→ What is being asked
Copy every record verbatim. Leave the pictures out.

→ Records provided

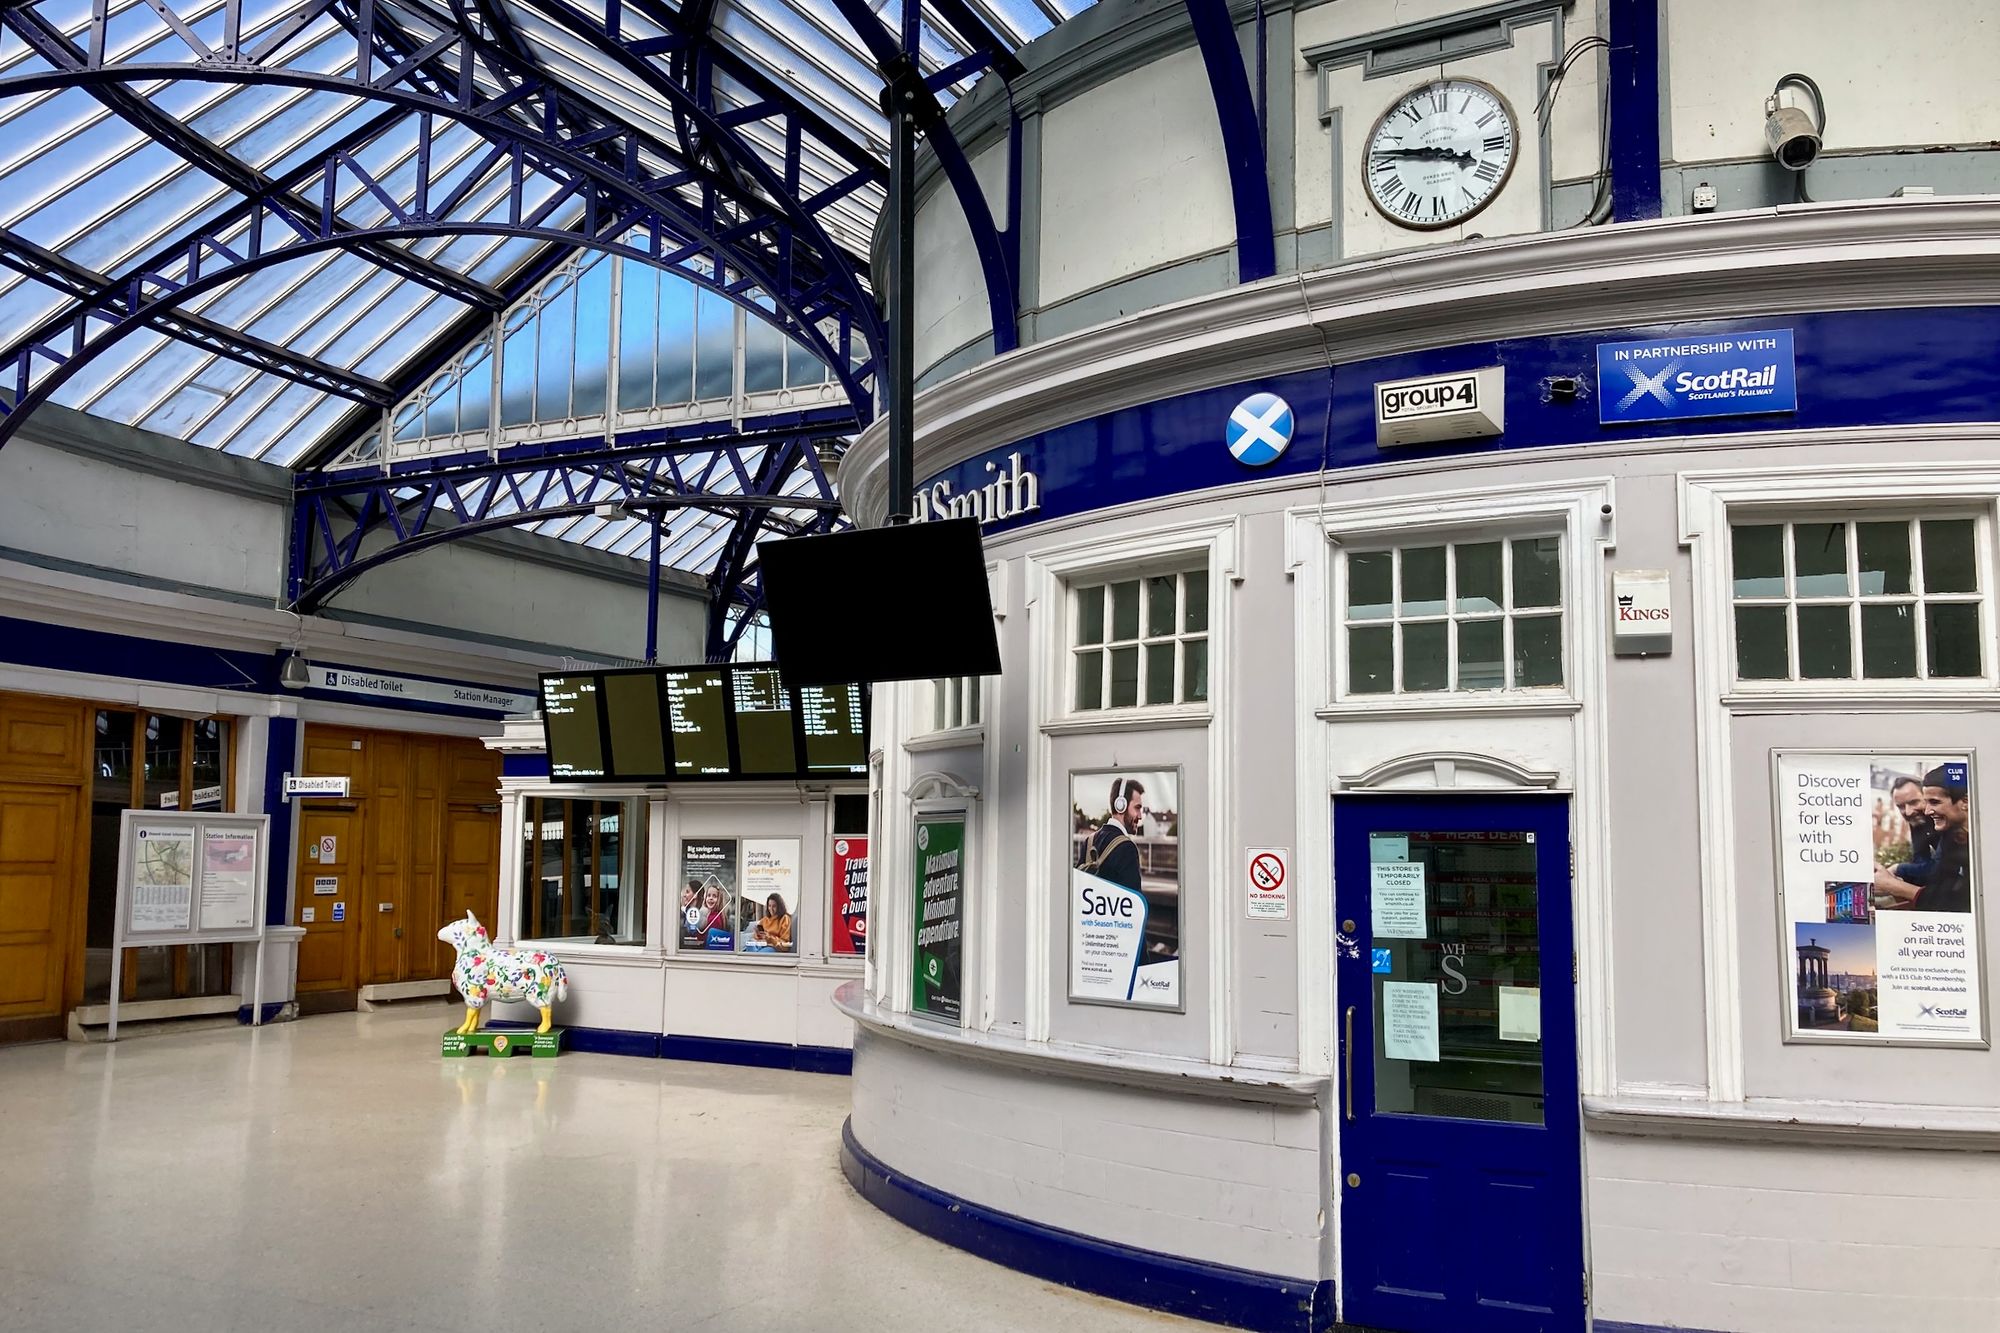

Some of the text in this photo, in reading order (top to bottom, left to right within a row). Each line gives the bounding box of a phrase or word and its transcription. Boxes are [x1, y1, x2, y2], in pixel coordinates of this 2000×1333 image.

[1428, 92, 1448, 115] XII
[1398, 104, 1423, 128] XI
[1474, 109, 1497, 129] II
[1483, 135, 1505, 152] III
[1615, 338, 1776, 360] IN PARTNERSHIP WITH
[1675, 364, 1777, 393] ScotRail
[1738, 388, 1774, 397] RAILWAY
[909, 451, 1040, 524] HSmith
[1619, 607, 1669, 620] KINGS
[341, 675, 403, 692] Disabled Toilet
[454, 690, 514, 707] Station Manager
[299, 780, 341, 789] Disabled Toilet
[1798, 774, 1861, 788] Discover
[1798, 792, 1862, 807] Scotland
[1798, 810, 1852, 825] for less
[1799, 830, 1832, 844] with
[748, 851, 771, 859] Journey
[1800, 848, 1859, 864] Club 50
[844, 857, 868, 871] Trave
[761, 867, 791, 876] fingertips
[844, 874, 850, 886] a
[842, 903, 848, 915] a
[1082, 888, 1132, 917] Save
[1911, 923, 1934, 932] Save
[1919, 936, 1934, 945] rail
[1937, 937, 1964, 946] travel
[1441, 944, 1466, 955] WH
[1898, 948, 1965, 959] all year round
[1441, 955, 1467, 994] S
[1150, 980, 1170, 988] ScotRail
[1935, 1008, 1967, 1016] ScotRail

→ Exercise output
Some of the text in this photo, in reading order (top to bottom, left to right within a row). Each line gives the bounding box of a phrase or word and its transcription. Boxes are [x1, y1, x2, y2], in pixel coordinates of this 2000×1333 image.

[1428, 92, 1448, 115] XII
[1398, 104, 1423, 128] XI
[1474, 109, 1497, 129] II
[1483, 135, 1505, 152] III
[1615, 338, 1776, 360] IN PARTNERSHIP WITH
[1675, 364, 1777, 393] ScotRail
[1738, 388, 1774, 397] RAILWAY
[909, 451, 1040, 524] HSmith
[1619, 607, 1669, 620] KINGS
[341, 675, 403, 692] Disabled Toilet
[454, 690, 514, 707] Station Manager
[299, 780, 341, 789] Disabled Toilet
[1798, 774, 1861, 788] Discover
[1798, 792, 1862, 807] Scotland
[1798, 810, 1852, 825] for less
[1799, 830, 1832, 844] with
[748, 851, 771, 859] Journey
[1800, 848, 1859, 864] Club 50
[844, 857, 868, 871] Trave
[761, 867, 791, 876] fingertips
[844, 874, 850, 886] a
[842, 903, 848, 915] a
[1082, 888, 1132, 917] Save
[1911, 923, 1934, 932] Save
[1919, 936, 1934, 945] rail
[1937, 937, 1964, 946] travel
[1441, 944, 1466, 955] WH
[1898, 948, 1965, 959] all year round
[1441, 955, 1467, 994] S
[1150, 980, 1170, 988] ScotRail
[1935, 1008, 1967, 1016] ScotRail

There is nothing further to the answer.